Protein requirements are mostly studied by measuring nitrogen balance in response to a certain diet. However, the validity of the nitrogen balance technique to assess the effects of different protein feeding regimens over a short period (less than a few weeks) has been questioned . We have previously applied stable isotope amino acid tracer techniques to study the impact of varying feeding strategies on whole-body protein metabolism in critically ill patients. This methodology allows for a direct measurement of the impact of a feeding regimen on in vivo protein breakdown, protein synthesis, protein balance and amino acid oxidation. We found that patients with head trauma had a better protein balance when fed standard parenteral nutrition at 100% of measured energy expenditure (indirect calorimetry) than when fed 50% . However, it remains unclear whether this effect is due to increases in the caloric supply, the amino acid supply, or both.

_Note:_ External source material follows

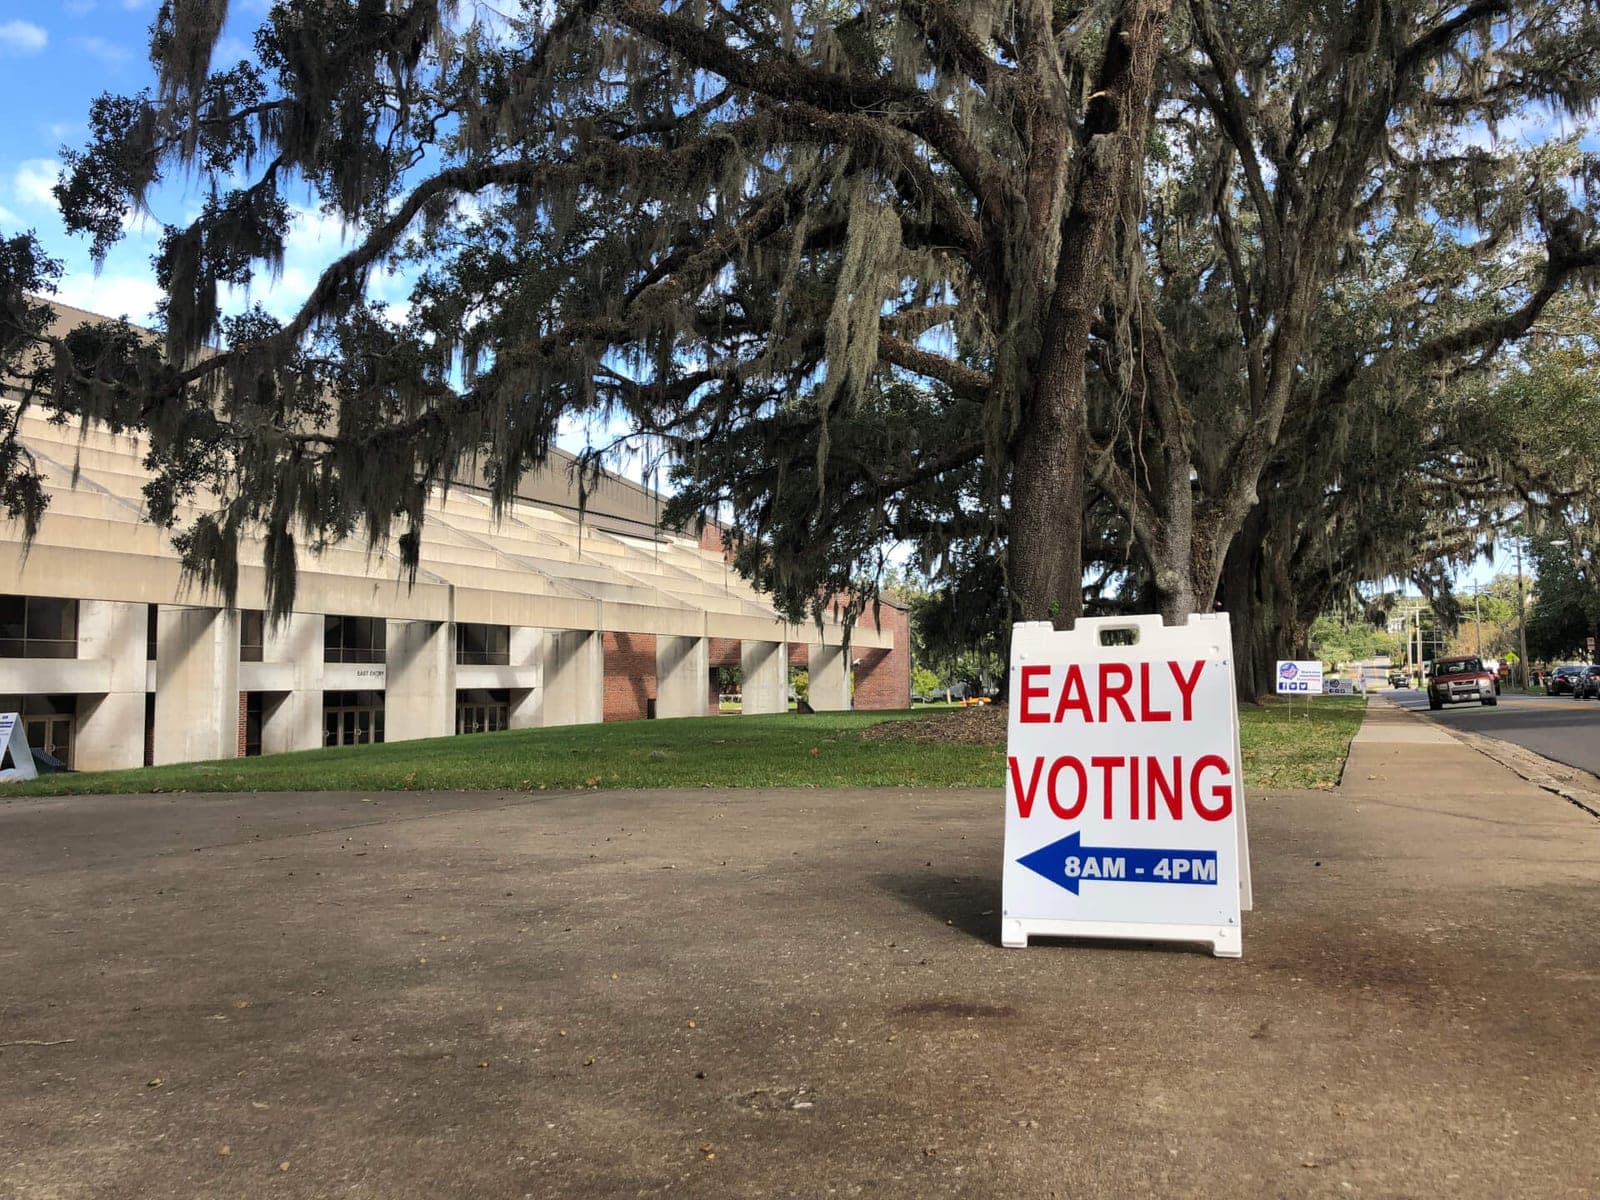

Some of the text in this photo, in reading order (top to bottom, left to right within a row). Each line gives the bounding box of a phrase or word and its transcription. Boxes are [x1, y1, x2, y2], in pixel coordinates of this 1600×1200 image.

In the present study, we investigated the effect of an increased parenteral amino acid supply on top of ongoing nutrition in critically ill patients during the first week of intensive care unit (ICU) treatment. The first week was chosen because the largest deficit in cumulative nutritional supply is normally established in this patient group . To achieve this, we first performed a pilot study to validate the use of a free stable isotope-labeled phenylalanine tracer to measure the splanchnic protein extraction during ongoing feeding. In the actual study, we then addressed three questions. The primary question was whether extra parenteral amino acids during the first week in the ICU modulate whole-body protein balance. The two secondary questions were whether baseline protein balance changes during early ICU treatment and whether the effects of extra parenteral amino acids are maintained after a few days.
Materials and methods
To measure whole-body protein turnover during ongoing enteral nutrition, two distinct tracers of the same amino acid need to be given, one parenterally and one enterally. This is necessary to correct the appearance of the enteral amino acids for the splanchnic extraction (that is, the fraction of dietary amino acid that is not available systemically). Because the digestion and absorption kinetics of protein may be different from those of free amino acids given enterally, the enteral tracer should preferentially be given within the matrix of the food provided [7,8]. Previous work has successfully produced intrinsically [1-13C]phenylalanine-labeled milk proteins by infusing Holstein cows with large amounts of tracer . Although the kinetics of dietary intact protein versus free amino acids have been investigated using bolus feeding in healthy persons, the situation in critically ill patients may differ substantially because of the use of continuous feeding, physiological changes affecting gastric emptying, protein digestion and amino absorption, and the use of drugs such as opioids and proton pump inhibitors. We therefore first investigated whether the enteral tracer kinetics from an intrinsically labeled protein and a free amino acid might behave similarly after a few hours of continuous enteral feeding via a feeding tube. To test this hypothesis, we performed a pilot study in which six critically ill patients treated in the ICU received an enteral feed containing both intrinsically [1-13C]-phenylalanine-labeled casein  (isotopic enrichment 35.2% molar percent excess (MPE)) and a free [ring-2H5]phenylalanine tracer together with maltodextrin for 6 hours. None of the six patients had received any previous enteral nutrition while in the ICU. The enteral feed was given as 1.5 g/hr labeled casein (resulting in 0.068 g/hr phenylalanine), 2.7 g/hr maltodextrin and 0.068 g/hr free 2H5-phenylalanine. Plasma samples were taken from an existing arterial line and analyzed for both [13C]phenylalanine and [2H5]phenylalanine as described previously . The rate of appearance estimated by the two enterally given tracers was calculated by dividing the infusion rate of each tracer given enterally by the plasma enrichment (in atom percent excess) per kilogram of body weight.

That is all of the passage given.